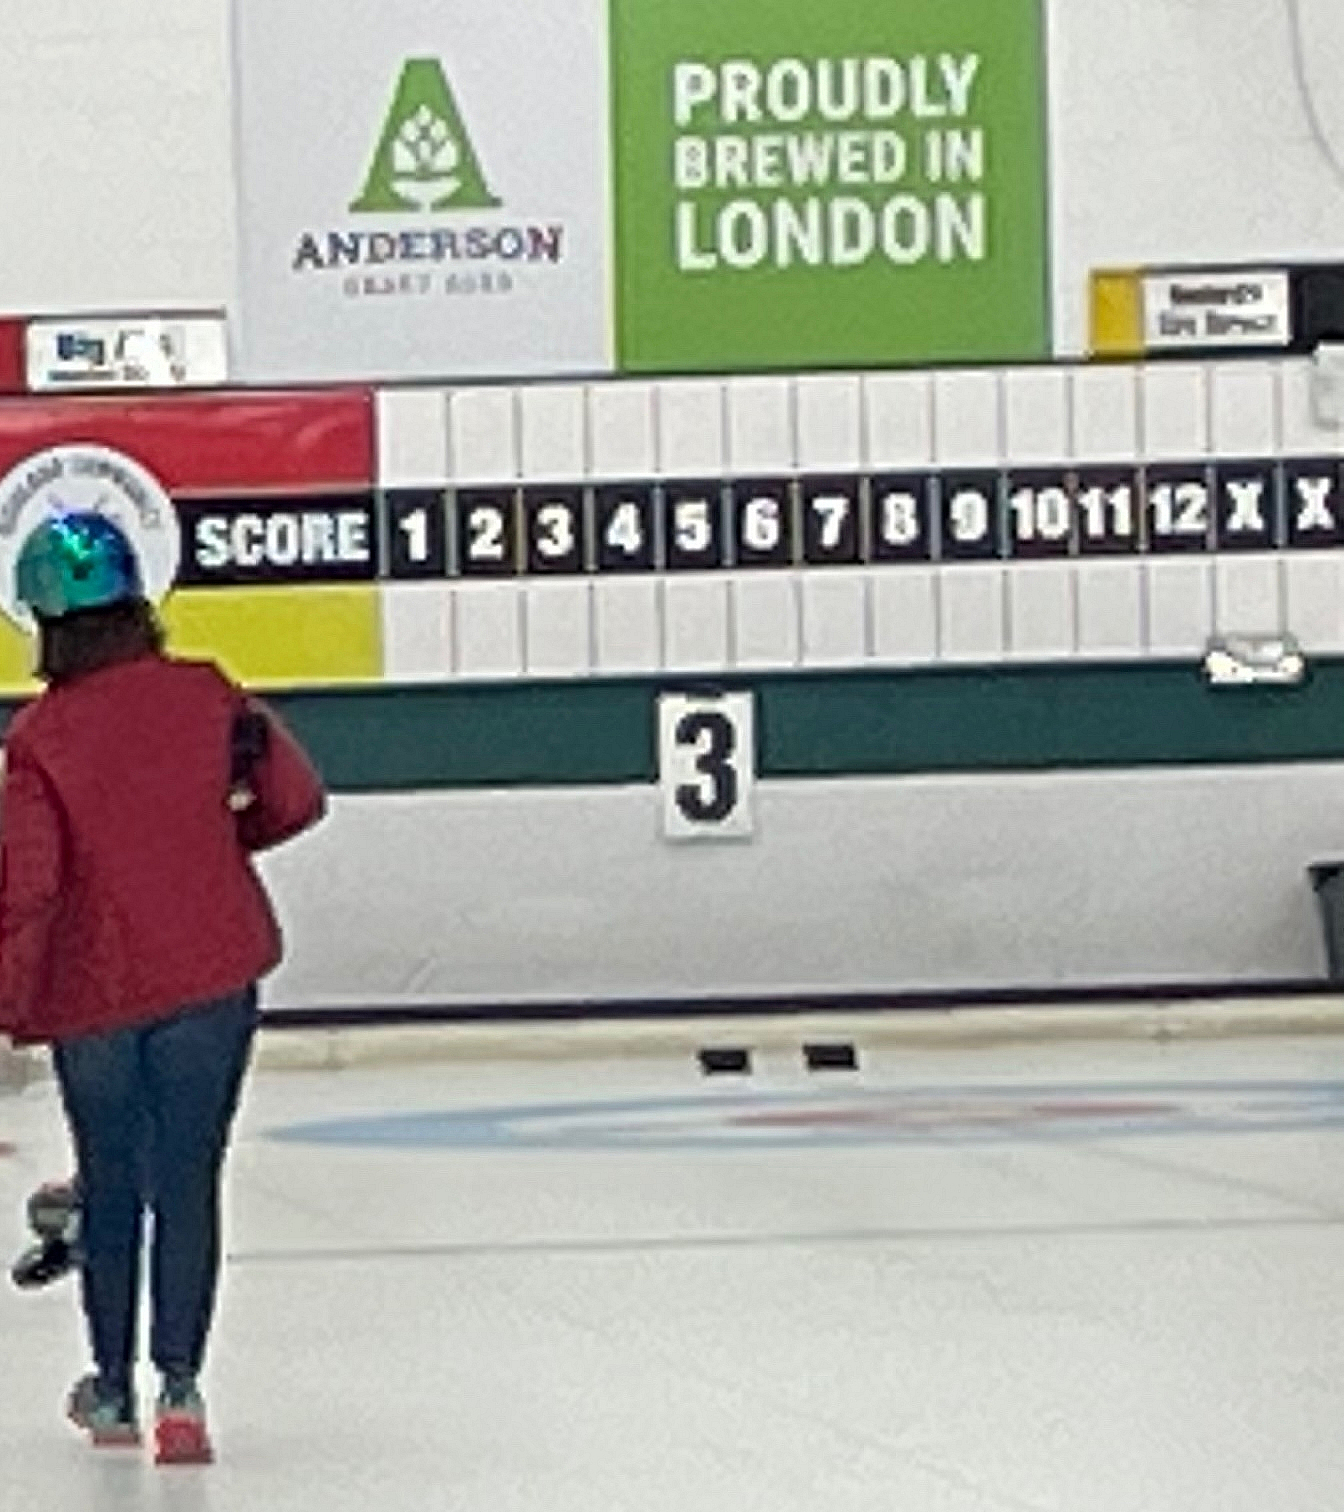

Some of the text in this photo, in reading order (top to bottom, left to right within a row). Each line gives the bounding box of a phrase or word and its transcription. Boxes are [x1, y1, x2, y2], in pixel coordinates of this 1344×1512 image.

[674, 53, 979, 126] PROUDLY
[675, 129, 983, 189] BREWED IN
[292, 228, 563, 270] ANDERSON
[677, 193, 984, 270] LONDON
[196, 477, 1334, 567] SCORE 1 2 3 4 5 6 7 8 9 10 11 12 X X
[674, 712, 736, 824] 3
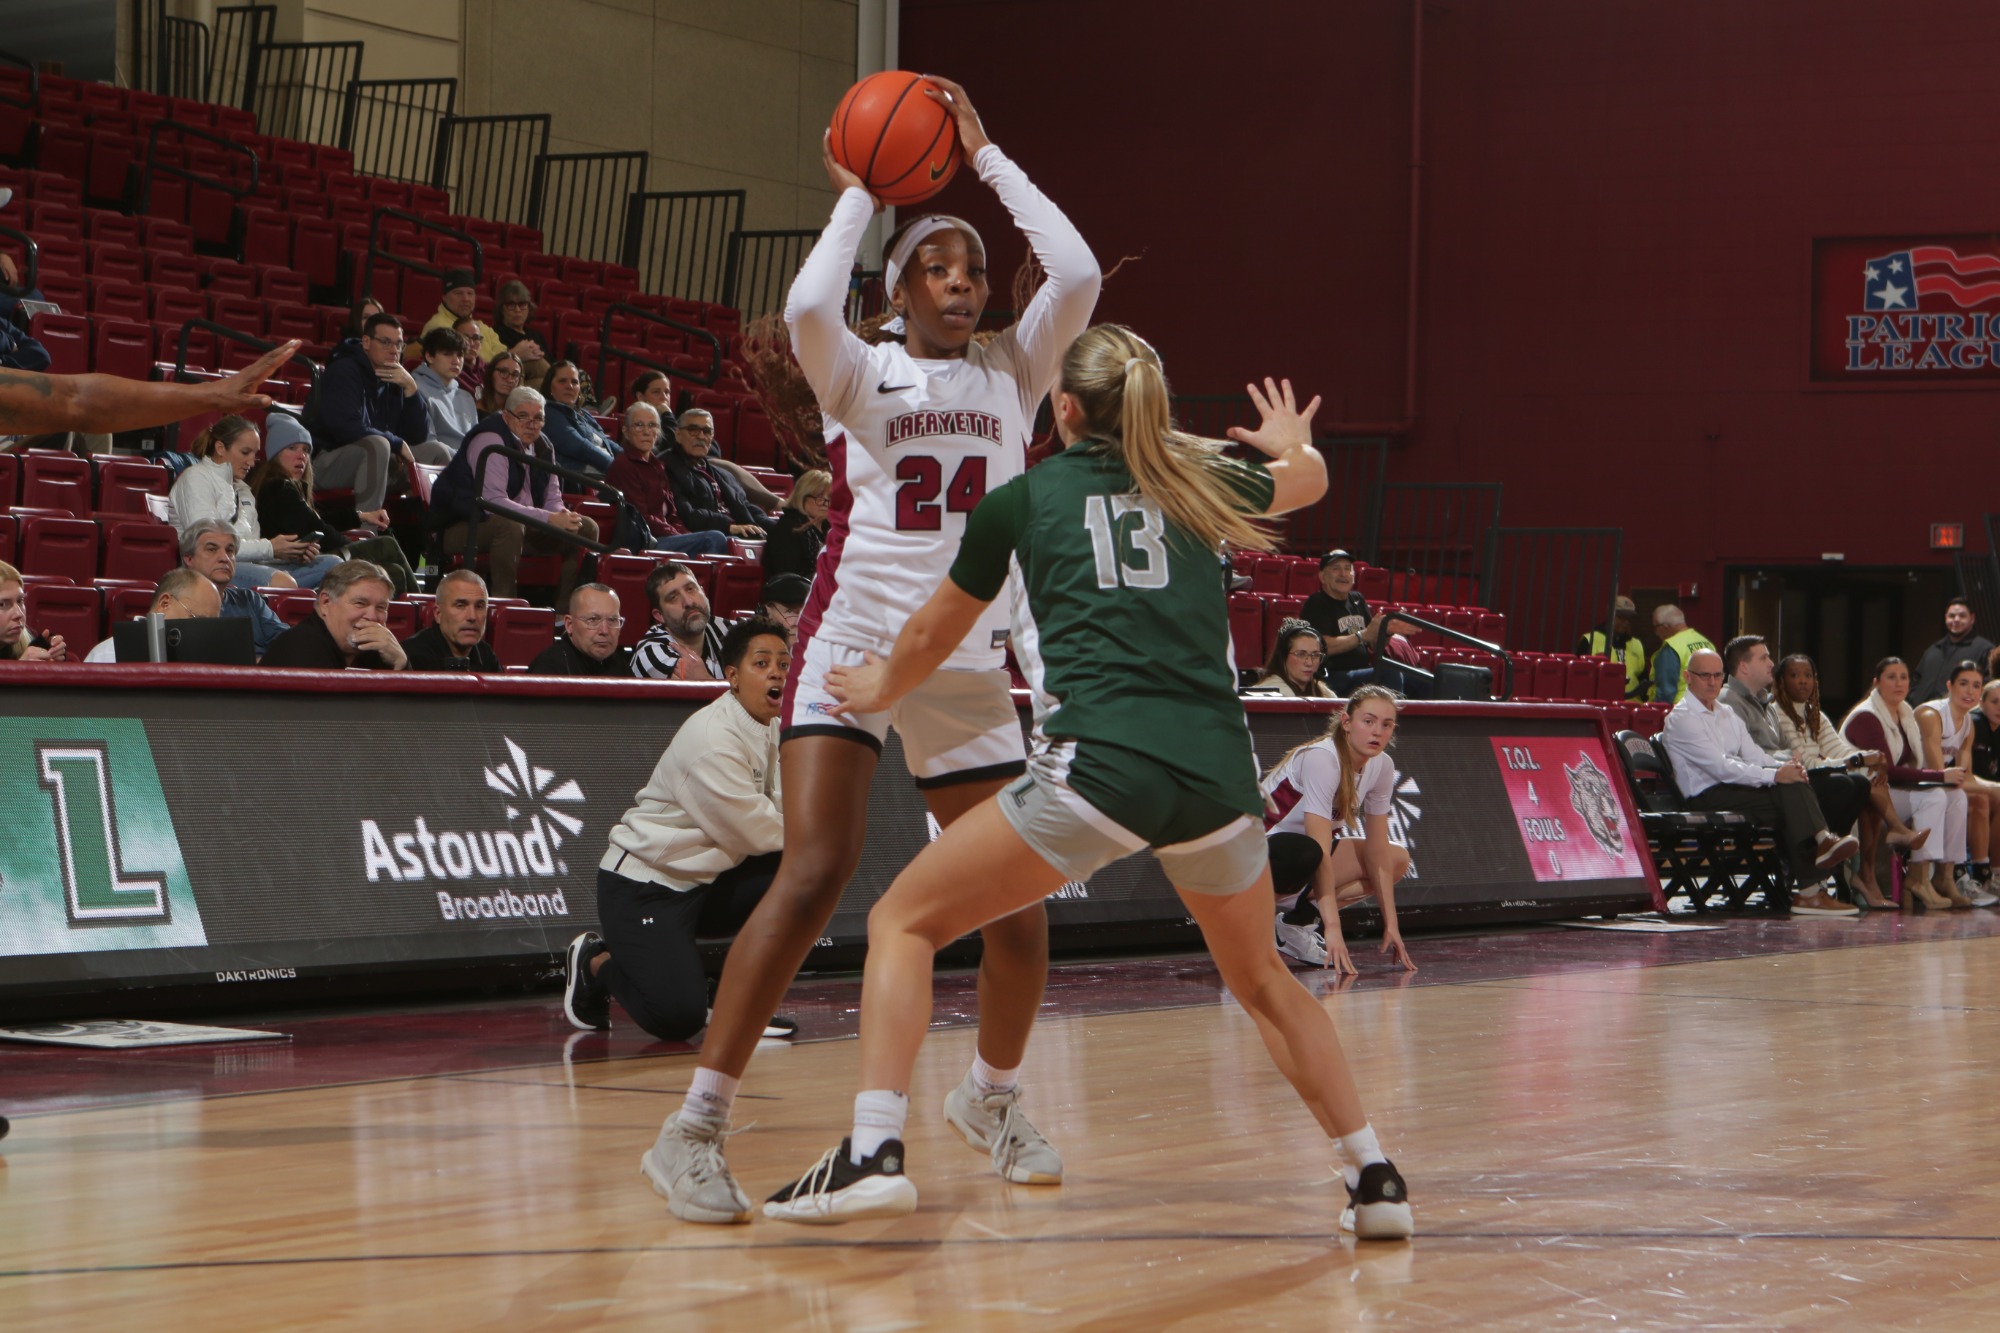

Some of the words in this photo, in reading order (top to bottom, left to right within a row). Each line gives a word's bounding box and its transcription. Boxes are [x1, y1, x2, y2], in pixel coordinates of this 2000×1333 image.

[886, 410, 1002, 448] LAFAYETTE
[895, 455, 988, 531] 24
[1084, 494, 1170, 590] 13
[1527, 780, 1540, 806] 4
[34, 739, 172, 929] L
[360, 815, 556, 883] Astound
[1523, 818, 1566, 843] FOULS
[437, 888, 568, 921] Broadband
[216, 968, 297, 983] DAKTRONICS

+---+

Give back exactly the lines that run from the line with "Some of the words" through the close of the material, counting both ends, and nothing more.

Some of the words in this photo, in reading order (top to bottom, left to right within a row). Each line gives a word's bounding box and its transcription. Boxes are [x1, y1, x2, y2], in pixel coordinates of this 2000×1333 image.

[886, 410, 1002, 448] LAFAYETTE
[895, 455, 988, 531] 24
[1084, 494, 1170, 590] 13
[1527, 780, 1540, 806] 4
[34, 739, 172, 929] L
[360, 815, 556, 883] Astound
[1523, 818, 1566, 843] FOULS
[437, 888, 568, 921] Broadband
[216, 968, 297, 983] DAKTRONICS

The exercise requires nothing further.